La llegada a Roma del obispo Silvio José Baez, llamado por el Papa, ha coincidido con el aterrizaje en Caracas de un representante de la Cruz Roja. Convergen en fechas, estos dos viajes que guardan en común notas de fondo sobre graves asuntos, respectivamente, del alma y el cuerpo; pero no sólo del individuo, también de las correspondientes sociedades nacionales afectadas: la de Nicaragua, en el caso del prelado, y la de Venezuela, para lo referente a la Cruz Roja. O sea, compartida carencia de libertades políticas en venezolanos y nicaragüenses, y miserias a destajo en lo tocante a los alimentos y a los cuidados médicos y sanitarios.

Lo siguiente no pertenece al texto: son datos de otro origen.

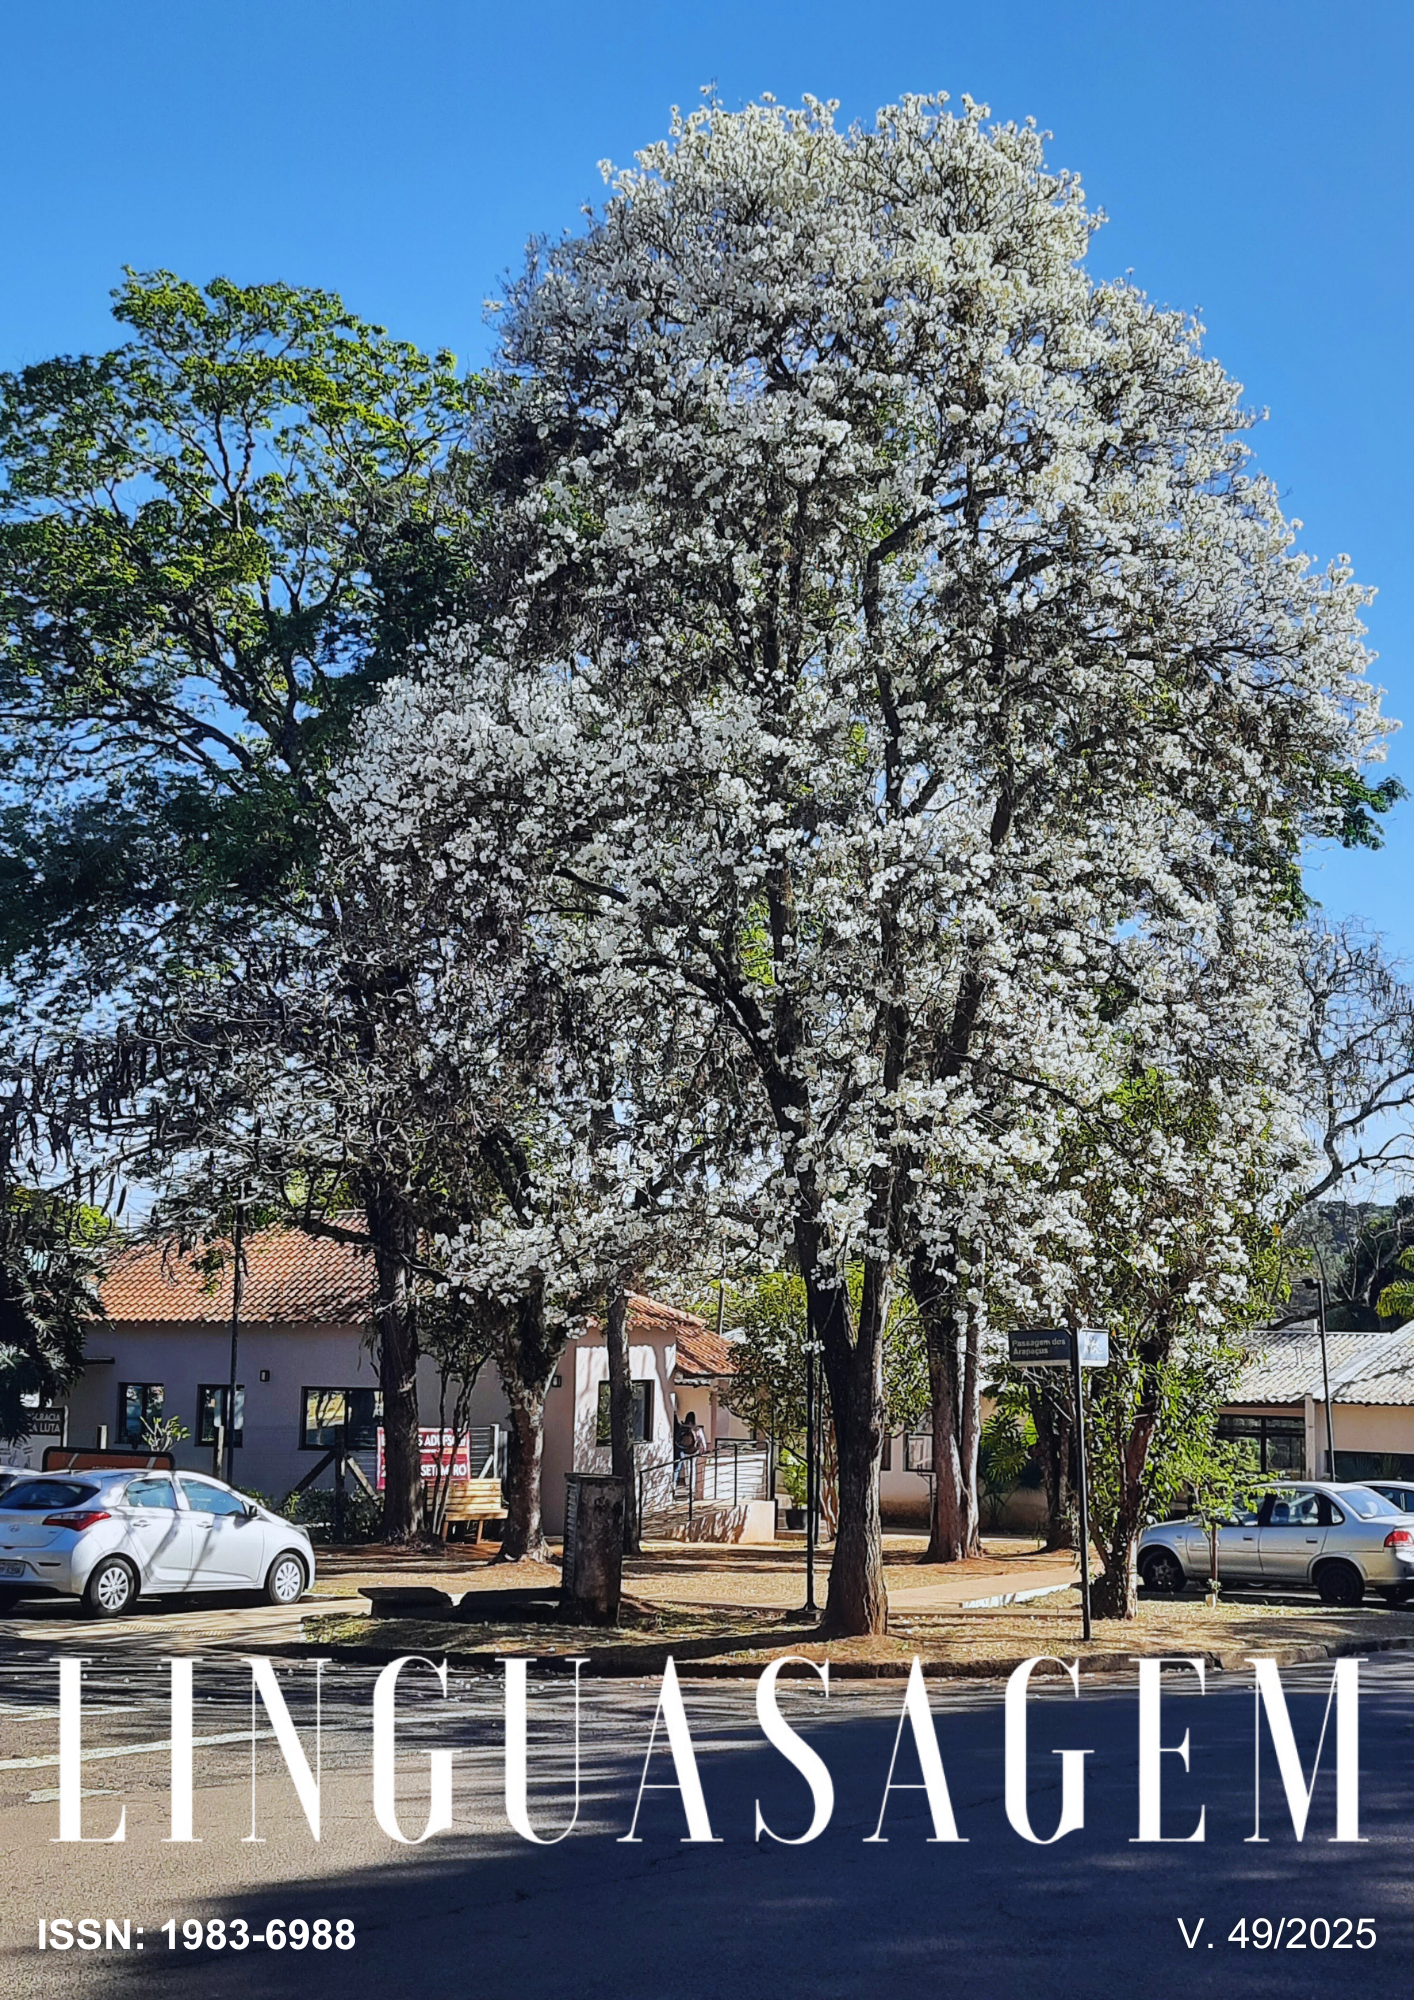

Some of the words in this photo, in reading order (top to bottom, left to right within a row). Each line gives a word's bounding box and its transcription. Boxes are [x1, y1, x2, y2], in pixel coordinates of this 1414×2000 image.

[1012, 1339, 1051, 1347] Passagem
[39, 1423, 60, 1433] LUTA
[420, 1463, 467, 1477] SETMRO

En síntesis, como un dúo de paraísos progresistas dentro de la América que se mira en el espejo totalitario de la Cuba castrista.

El Papa Francisco ha querido preservar la vida del prelado Silvio de la siega de objetores cosechada en Nicaragüa -300 en sólo un año – por el matrimonio Ortega, acompañada de varios centenares de huidos al exilio, mientras que la no menos totalitaria dictadura de Nicolás Maduro sigue terne en su empeño de que las enfermedades y las hambres si los remedios no llegan de Rusia, China y Turquía -cuates y conmilitones – o de la aséptica Cruz Roja-, mientras toneladas de de socorros norteamericanos y de vecinos, llevan semanas de pudrición bloqueadas en la frontera.